▶ [WHAT THE TASK REQUIRES] Return every line below exactly as written.

=====

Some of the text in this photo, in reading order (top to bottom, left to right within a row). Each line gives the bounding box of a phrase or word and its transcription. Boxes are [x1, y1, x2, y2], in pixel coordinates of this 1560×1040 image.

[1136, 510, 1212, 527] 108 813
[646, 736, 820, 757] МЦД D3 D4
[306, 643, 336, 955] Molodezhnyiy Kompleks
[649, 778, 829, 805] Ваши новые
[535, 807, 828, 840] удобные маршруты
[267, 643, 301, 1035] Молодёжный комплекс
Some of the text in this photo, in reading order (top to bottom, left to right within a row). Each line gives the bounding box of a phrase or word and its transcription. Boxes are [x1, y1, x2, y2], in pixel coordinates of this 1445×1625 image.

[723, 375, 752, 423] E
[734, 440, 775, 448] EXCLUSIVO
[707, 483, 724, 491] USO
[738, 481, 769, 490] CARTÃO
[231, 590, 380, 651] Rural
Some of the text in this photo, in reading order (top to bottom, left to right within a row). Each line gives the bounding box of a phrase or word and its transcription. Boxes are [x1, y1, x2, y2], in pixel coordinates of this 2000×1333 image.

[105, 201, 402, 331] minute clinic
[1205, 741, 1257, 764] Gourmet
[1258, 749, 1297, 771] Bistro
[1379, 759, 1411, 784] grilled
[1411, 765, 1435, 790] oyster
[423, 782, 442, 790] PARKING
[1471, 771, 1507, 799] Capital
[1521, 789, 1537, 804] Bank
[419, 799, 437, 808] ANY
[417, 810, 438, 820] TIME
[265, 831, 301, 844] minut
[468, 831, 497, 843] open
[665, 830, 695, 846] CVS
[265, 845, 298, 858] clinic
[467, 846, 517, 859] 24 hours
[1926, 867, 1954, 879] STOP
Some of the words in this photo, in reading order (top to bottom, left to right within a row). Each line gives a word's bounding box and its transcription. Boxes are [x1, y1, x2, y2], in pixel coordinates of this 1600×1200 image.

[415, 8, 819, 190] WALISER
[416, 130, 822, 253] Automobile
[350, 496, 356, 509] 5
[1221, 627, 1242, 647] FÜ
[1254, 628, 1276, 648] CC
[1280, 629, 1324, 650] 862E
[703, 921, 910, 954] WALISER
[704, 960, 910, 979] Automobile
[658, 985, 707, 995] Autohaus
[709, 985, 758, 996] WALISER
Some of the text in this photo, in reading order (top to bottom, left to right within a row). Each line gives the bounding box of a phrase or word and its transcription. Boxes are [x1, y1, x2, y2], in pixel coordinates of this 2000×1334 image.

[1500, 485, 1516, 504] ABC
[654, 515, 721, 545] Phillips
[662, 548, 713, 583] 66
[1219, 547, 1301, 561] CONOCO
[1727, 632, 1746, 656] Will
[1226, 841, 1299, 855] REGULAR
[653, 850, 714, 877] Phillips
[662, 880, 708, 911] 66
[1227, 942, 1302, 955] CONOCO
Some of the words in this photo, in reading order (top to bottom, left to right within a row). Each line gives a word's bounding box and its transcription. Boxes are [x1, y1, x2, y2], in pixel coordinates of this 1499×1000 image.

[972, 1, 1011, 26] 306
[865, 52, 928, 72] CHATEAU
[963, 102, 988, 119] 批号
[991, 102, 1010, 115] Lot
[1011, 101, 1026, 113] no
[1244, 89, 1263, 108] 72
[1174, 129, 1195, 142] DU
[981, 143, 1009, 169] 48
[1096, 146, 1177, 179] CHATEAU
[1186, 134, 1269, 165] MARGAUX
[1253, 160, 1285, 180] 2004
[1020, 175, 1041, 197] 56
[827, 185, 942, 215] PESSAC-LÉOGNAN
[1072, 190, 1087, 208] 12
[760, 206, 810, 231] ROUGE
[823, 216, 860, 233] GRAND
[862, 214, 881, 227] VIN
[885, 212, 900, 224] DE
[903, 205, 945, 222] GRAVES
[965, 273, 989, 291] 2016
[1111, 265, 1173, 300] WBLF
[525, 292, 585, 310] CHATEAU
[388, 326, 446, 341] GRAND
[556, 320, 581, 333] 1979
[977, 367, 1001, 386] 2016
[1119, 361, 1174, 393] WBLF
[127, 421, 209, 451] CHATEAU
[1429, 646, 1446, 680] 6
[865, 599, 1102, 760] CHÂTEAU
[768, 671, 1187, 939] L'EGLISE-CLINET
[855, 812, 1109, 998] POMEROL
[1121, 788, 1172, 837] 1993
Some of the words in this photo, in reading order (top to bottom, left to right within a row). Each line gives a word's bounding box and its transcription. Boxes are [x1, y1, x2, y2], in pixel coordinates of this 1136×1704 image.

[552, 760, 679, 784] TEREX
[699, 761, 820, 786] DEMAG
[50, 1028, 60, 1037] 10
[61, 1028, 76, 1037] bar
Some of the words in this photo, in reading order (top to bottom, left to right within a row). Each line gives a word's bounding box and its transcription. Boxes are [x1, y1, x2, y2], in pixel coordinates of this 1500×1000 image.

=====

▶ [SOLUTION TO THE PROBLEM]
Some of the text in this photo, in reading order (top to bottom, left to right within a row). Each line gives the bounding box of a phrase or word and its transcription. Boxes are [x1, y1, x2, y2], in pixel coordinates of this 1560×1040 image.

[1136, 510, 1212, 527] 108 813
[646, 736, 820, 757] МЦД D3 D4
[306, 643, 336, 955] Molodezhnyiy Kompleks
[649, 778, 829, 805] Ваши новые
[535, 807, 828, 840] удобные маршруты
[267, 643, 301, 1035] Молодёжный комплекс
Some of the text in this photo, in reading order (top to bottom, left to right within a row). Each line gives the bounding box of a phrase or word and its transcription. Boxes are [x1, y1, x2, y2], in pixel coordinates of this 1445×1625 image.

[723, 375, 752, 423] E
[734, 440, 775, 448] EXCLUSIVO
[707, 483, 724, 491] USO
[738, 481, 769, 490] CARTÃO
[231, 590, 380, 651] Rural
Some of the text in this photo, in reading order (top to bottom, left to right within a row). Each line gives the bounding box of a phrase or word and its transcription. Boxes are [x1, y1, x2, y2], in pixel coordinates of this 2000×1333 image.

[105, 201, 402, 331] minute clinic
[1205, 741, 1257, 764] Gourmet
[1258, 749, 1297, 771] Bistro
[1379, 759, 1411, 784] grilled
[1411, 765, 1435, 790] oyster
[423, 782, 442, 790] PARKING
[1471, 771, 1507, 799] Capital
[1521, 789, 1537, 804] Bank
[419, 799, 437, 808] ANY
[417, 810, 438, 820] TIME
[265, 831, 301, 844] minut
[468, 831, 497, 843] open
[665, 830, 695, 846] CVS
[265, 845, 298, 858] clinic
[467, 846, 517, 859] 24 hours
[1926, 867, 1954, 879] STOP
Some of the words in this photo, in reading order (top to bottom, left to right within a row). Each line gives a word's bounding box and its transcription. Boxes are [x1, y1, x2, y2], in pixel coordinates of this 1600×1200 image.

[415, 8, 819, 190] WALISER
[416, 130, 822, 253] Automobile
[350, 496, 356, 509] 5
[1221, 627, 1242, 647] FÜ
[1254, 628, 1276, 648] CC
[1280, 629, 1324, 650] 862E
[703, 921, 910, 954] WALISER
[704, 960, 910, 979] Automobile
[658, 985, 707, 995] Autohaus
[709, 985, 758, 996] WALISER
Some of the text in this photo, in reading order (top to bottom, left to right within a row). Each line gives the bounding box of a phrase or word and its transcription. Boxes are [x1, y1, x2, y2], in pixel coordinates of this 2000×1334 image.

[1500, 485, 1516, 504] ABC
[654, 515, 721, 545] Phillips
[662, 548, 713, 583] 66
[1219, 547, 1301, 561] CONOCO
[1727, 632, 1746, 656] Will
[1226, 841, 1299, 855] REGULAR
[653, 850, 714, 877] Phillips
[662, 880, 708, 911] 66
[1227, 942, 1302, 955] CONOCO
Some of the words in this photo, in reading order (top to bottom, left to right within a row). Each line gives a word's bounding box and its transcription. Boxes are [x1, y1, x2, y2], in pixel coordinates of this 1499×1000 image.

[972, 1, 1011, 26] 306
[865, 52, 928, 72] CHATEAU
[963, 102, 988, 119] 批号
[991, 102, 1010, 115] Lot
[1011, 101, 1026, 113] no
[1244, 89, 1263, 108] 72
[1174, 129, 1195, 142] DU
[981, 143, 1009, 169] 48
[1096, 146, 1177, 179] CHATEAU
[1186, 134, 1269, 165] MARGAUX
[1253, 160, 1285, 180] 2004
[1020, 175, 1041, 197] 56
[827, 185, 942, 215] PESSAC-LÉOGNAN
[1072, 190, 1087, 208] 12
[760, 206, 810, 231] ROUGE
[823, 216, 860, 233] GRAND
[862, 214, 881, 227] VIN
[885, 212, 900, 224] DE
[903, 205, 945, 222] GRAVES
[965, 273, 989, 291] 2016
[1111, 265, 1173, 300] WBLF
[525, 292, 585, 310] CHATEAU
[388, 326, 446, 341] GRAND
[556, 320, 581, 333] 1979
[977, 367, 1001, 386] 2016
[1119, 361, 1174, 393] WBLF
[127, 421, 209, 451] CHATEAU
[1429, 646, 1446, 680] 6
[865, 599, 1102, 760] CHÂTEAU
[768, 671, 1187, 939] L'EGLISE-CLINET
[855, 812, 1109, 998] POMEROL
[1121, 788, 1172, 837] 1993
Some of the words in this photo, in reading order (top to bottom, left to right within a row). Each line gives a word's bounding box and its transcription. Boxes are [x1, y1, x2, y2], in pixel coordinates of this 1136×1704 image.

[552, 760, 679, 784] TEREX
[699, 761, 820, 786] DEMAG
[50, 1028, 60, 1037] 10
[61, 1028, 76, 1037] bar
Some of the words in this photo, in reading order (top to bottom, left to right within a row). Each line gives a word's bounding box and its transcription. Boxes are [x1, y1, x2, y2], in pixel coordinates of this 1500×1000 image.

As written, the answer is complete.